Hello. Can someone please help in finding the limiting matrix of the following transitional matrix of an absorbing Markov chain:

P=

1	0	0
.1	.6	.3
.2	.2	.6

I have tried finding the limiting matrix myself but my answer does not seem to be right.
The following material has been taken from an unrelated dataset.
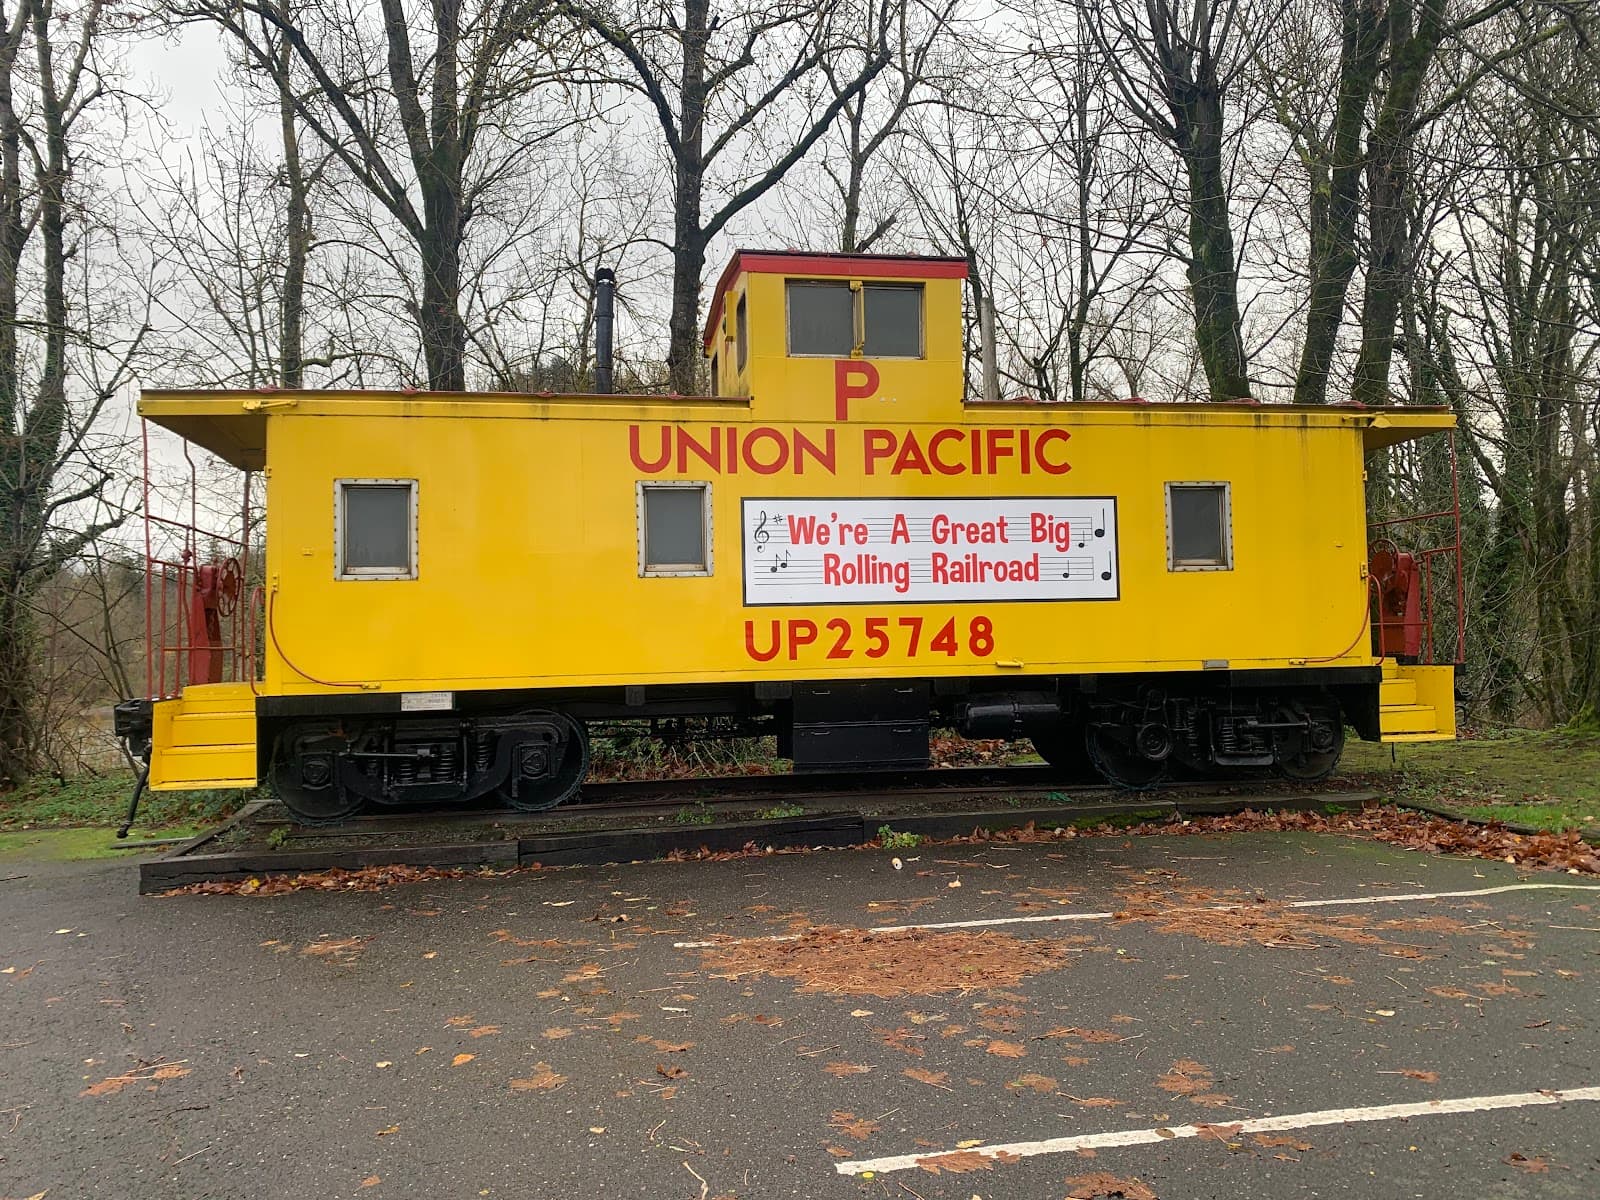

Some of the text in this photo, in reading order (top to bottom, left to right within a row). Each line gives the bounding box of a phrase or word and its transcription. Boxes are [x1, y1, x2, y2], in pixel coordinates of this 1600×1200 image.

[835, 360, 880, 421] P
[629, 426, 1072, 475] UNION PACIFIC
[787, 512, 1071, 552] We're A Great Big
[823, 552, 1040, 593] Rolling Railroad
Can you please check if it's alright?

The matrix P is in standard form, which is the form

P=

Identity matrix	0
R	Q

And I know that the limiting matrix must be in this form:

Limiting matrix of P =

Identity matrix	0
FR	0

F is the fundamental matrix for P. It is equal to (I - Q)^-1.

1	0
0	1

minus

.6	.3
.2	.6

is

.4	-.3
-.2	.4

.4	-.3
-.2	.4

to the power of -1 (or in inverse) is

4	3
2	4

Now, FR is equal to

4	3
2	4

multiplied by

.1

.2

The product is

1

This makes the limiting matrix seem like

1	0	0
1	0	0
1	0	0

This matrix just seems strange O_o.

**Soroban** · January 31st 2013, 09:06 AM

Hello, Yoodle15!

I arrived at the same result.

Find the limiting matrix of the following transitional matrix of an absorbing Markov chain:

. . $A \;=\;\begin{bmatrix}1&0&0 \\ 0.1&0.6&0.3 \\ 0.2&0.2&0.6 \end{bmatrix}$

I was taught this method . . .

$\text{We want a row matrix: }\,X \:=\:(p,q,r)\,\text{ so that: }\:\begin{Bmatrix}X\cdot A \:=\:X & [1] \\ p+q+r \:=\:1 & [2] \end{Bmatrix}$

From [1], we have: . $(p,q,r)\begin{bmatrix}1&0&0 \\ 0.1&0.6&0.3\\0.2&0.2&0.6\end{bmatrix} \;=\;(p,q,r)$

And we have: . $\begin{Bmatrix}p+0.1q + 0.2r &=& p & \\ \quad 0.6q+0.2r &=& q \\ \quad 0.3q + 0.6r &=& r \end{Bmatrix}$

These simplify to: . $\begin{Bmatrix}\text{-}9p + q + 2r &=& 0 \\ \quad\text{-}4q + 2r &=& 0 \\ \quad 3q - 4r &=& 0 \end{Bmatrix}$
. . And we have [2]: . . . $p+q+r \:=\:1$

Solve the system of equations: . $\begin{Bmatrix}p &=& 1 \\ q&=&0 \\ r&=&0 \end{Bmatrix}$

Therefore: . $X \:=\:(1,0,0)$

~ ~ ~ ~ ~ ~ ~ ~ ~ ~ ~ ~ ~ ~ ~ ~ ~ ~ ~ ~ ~ ~ ~ ~ ~ ~ ~ ~ ~ ~ ~ ~ ~ ~

This makes sense if we consider the transition probabilities.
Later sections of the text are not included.